Press Release – Action for Economic Reforms – 31 May 2012

MEMBERS OF the Northern Luzon Alliance who have been flogging the Abaya sin tax bill for flouting the interests of tobacco growers may be in need of a reality-check. According to a body of over 10,000 farmers from the Ilocos region, a failure to enact the amended HB 5727 could actually be driving the livelihoods of tobacco planters and their families further into jeopardy.

“Our congressmen from Northern Luzon have been some of the harshest critics of raising taxes on cigarette products. But they especially should be the ones supporting the bill that will reform our sin taxes on tobacco,” stressed Avelino Dacanay, chairman of the Solidarity of Peasants against Exploitation (STOP-Exploitation). STOP-Exploitation is a farmers’ organization seeking to improve the welfare of small farmers in the Ilocos provinces through land reform and the fair pricing of planters’ produce.

“Kung tutuusin, ang pagtaas ng buwis sa tabako na iminungkahi ng HB 5727 ay dagdag na tulong sa amin kung ito ay totoong makakarating sa mga magsasakang nangangailangan ng tulong,” Dacanay said. (In reality, the increase in tobacco taxes proposed by HB5727 will benefit tobacco farmers if the proceeds will really go to the farmers who need help.)

Since Philip Morris International and Fortune Tobacco merged in February 2010 to form Philip Morris Fortune Tobacco Corp. (PMFTC), the new tobacco titan has cornered as much as 97.15% of the national cigarette market, based on BIR withdrawals data. Much of this market dominance owes to the fact that PMFTC’s brands have been preferentially taxed compared to those of potential competitors.

Yet this has threatened the incomes of small tobacco growers, more than half of whom sell their produce directly to cigarette manufacturers. Soon after the PMFTC merger, revealed Dacanay, selling prices for planters growers nose-dived by 23% to P73 per kilo in lopsided negotiations between buyers, government officials, and farmers’ groups during that year’s tobacco tripartite conference.

“This drop in prices has left farmers in worse straits than before, making the passage of HB 5727 even more urgent,” claimed Dacanay. “Reforming our cigarettes taxes will not only raise funds for projects for tobacco farmers; it will open doors for more buyers of tobacco leaf. These will help, not hurt, farmers.”

“Over the years, thousands of tobacco farmers have actually been phasing out of tobacco,” argued AER senior economist Jo-Ann Latuja, “Agricultural statistics show that land devoted to tobacco growing has halved over the past two decades: from 63,200 hectares in 1990 to only 29,707 hectares in 2010.”

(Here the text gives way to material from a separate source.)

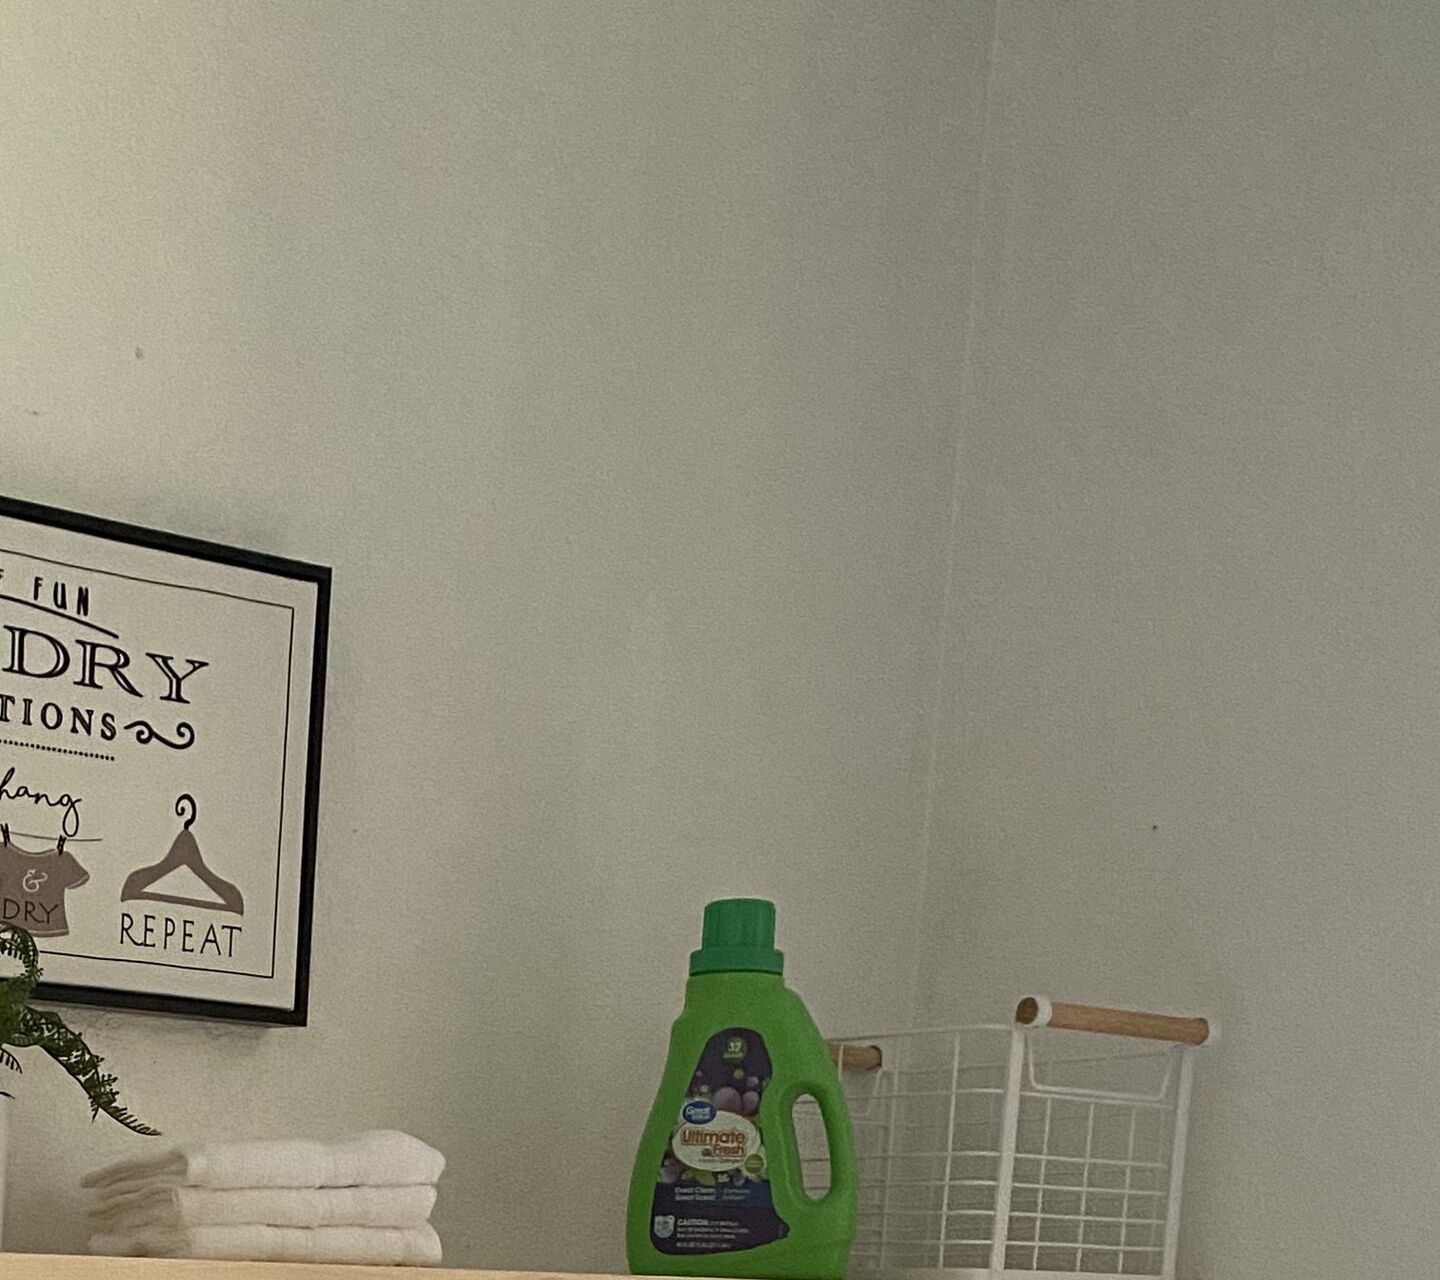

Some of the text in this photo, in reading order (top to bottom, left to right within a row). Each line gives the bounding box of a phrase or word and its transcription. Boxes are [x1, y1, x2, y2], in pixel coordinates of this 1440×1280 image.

In fact, a 2008 study of Dr. Rene Rafael Espino of UPLB discovered that farmers have already been shifting to other crops due to tobacco’s steep input costs and labor needs. Virginia tobacco— the most common variant in Region One— demands higher seasonal expenditures (P41,990) than crops like corn (P14990) and onions (P30310). It is also the single most laborious crop to grow, requiring 261 man-days of work per season compared to only 115 and 128 man-days for corn and sweet pepper.

Against views espoused by solons opposed to HB 5727, the same study conclusively demonstrated that tobacco-cultivating areas are suitable for alternative crops like corn, vegetables, and peppers. For some cases, the viable areas for these crops are even larger than those for tobacco.

“The reality of tobacco farmers is a sign that tobacco has become a sunset industry,” pressed Latuja. “Now more than ever, our legislators must act to improve the livelihoods of these farmers by approving the Abaya sin tax bill. HB 5727 will ensure more resources for farmers who want to transition smoothly out of tobacco. But it will also guarantee better bargaining power for those who will still plant it.”

“At all costs,” said Latuja. “This bill must become law in 2012. Should our lawmakers fail to do this, it will be the farmers, most of all, who will actually suffer.”